> **WHAT YOU WILL DO**:
A word-for-word copy of all entries is required, without images.

> **RECORD EXTRACTS**:
◇ ◇ ◇

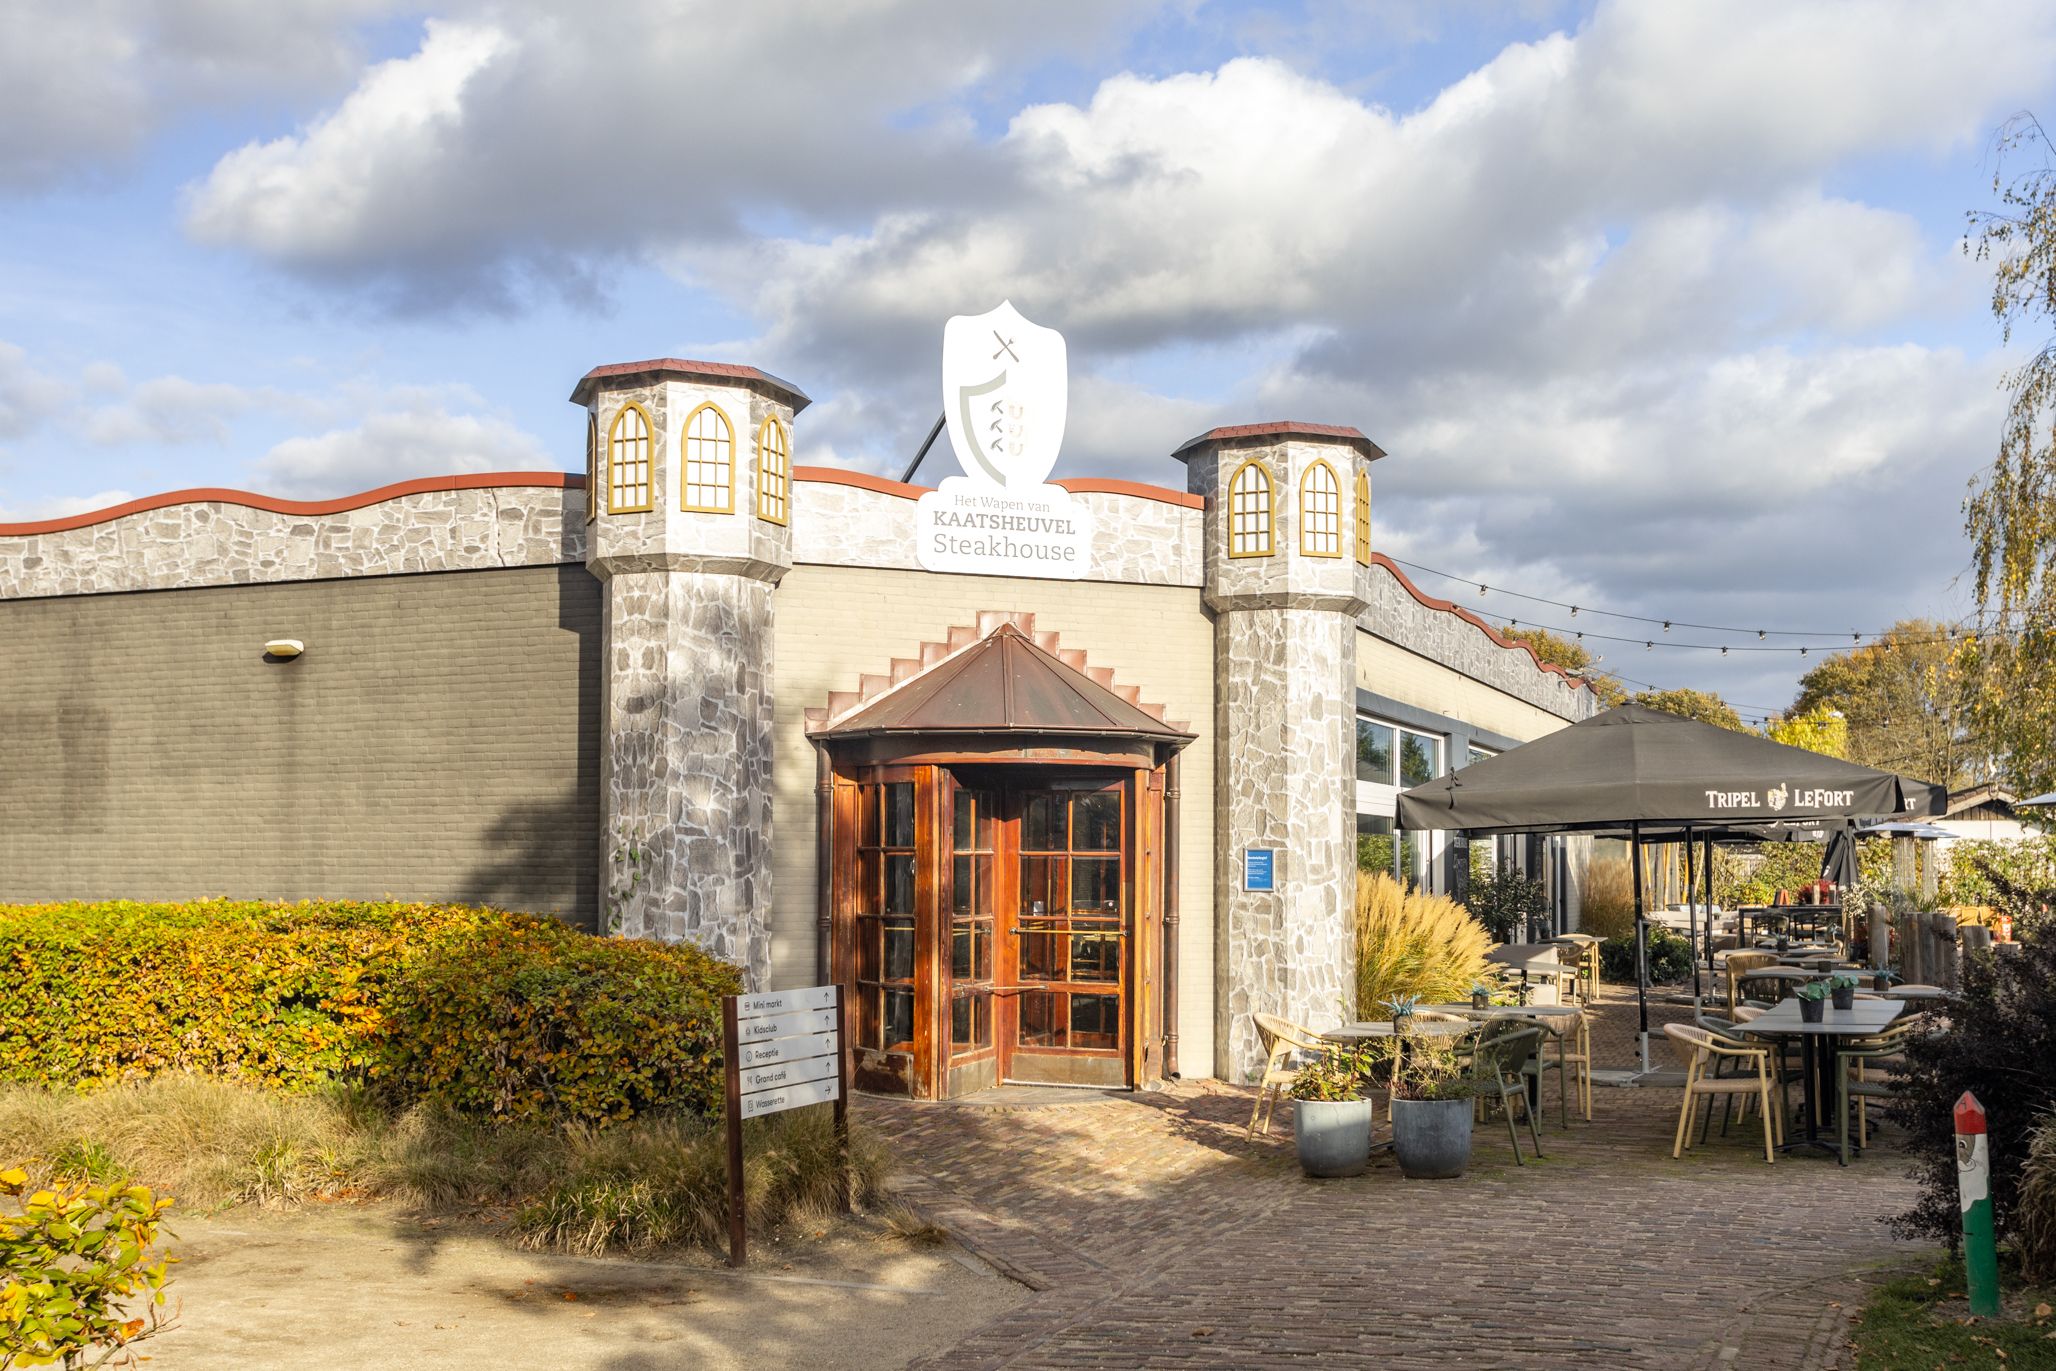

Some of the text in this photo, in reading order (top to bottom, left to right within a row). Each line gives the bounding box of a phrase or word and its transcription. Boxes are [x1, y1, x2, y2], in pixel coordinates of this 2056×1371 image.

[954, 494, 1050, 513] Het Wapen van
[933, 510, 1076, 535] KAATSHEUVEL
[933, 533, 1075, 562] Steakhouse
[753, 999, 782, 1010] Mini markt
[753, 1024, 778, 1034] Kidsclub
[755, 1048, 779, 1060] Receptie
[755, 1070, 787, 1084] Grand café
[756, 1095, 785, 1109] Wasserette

◇ ◇ ◇

> **SOLVED PROBLEM**:
Some of the text in this photo, in reading order (top to bottom, left to right within a row). Each line gives the bounding box of a phrase or word and its transcription. Boxes are [x1, y1, x2, y2], in pixel coordinates of this 2056×1371 image.

[954, 494, 1050, 513] Het Wapen van
[933, 510, 1076, 535] KAATSHEUVEL
[933, 533, 1075, 562] Steakhouse
[753, 999, 782, 1010] Mini markt
[753, 1024, 778, 1034] Kidsclub
[755, 1048, 779, 1060] Receptie
[755, 1070, 787, 1084] Grand café
[756, 1095, 785, 1109] Wasserette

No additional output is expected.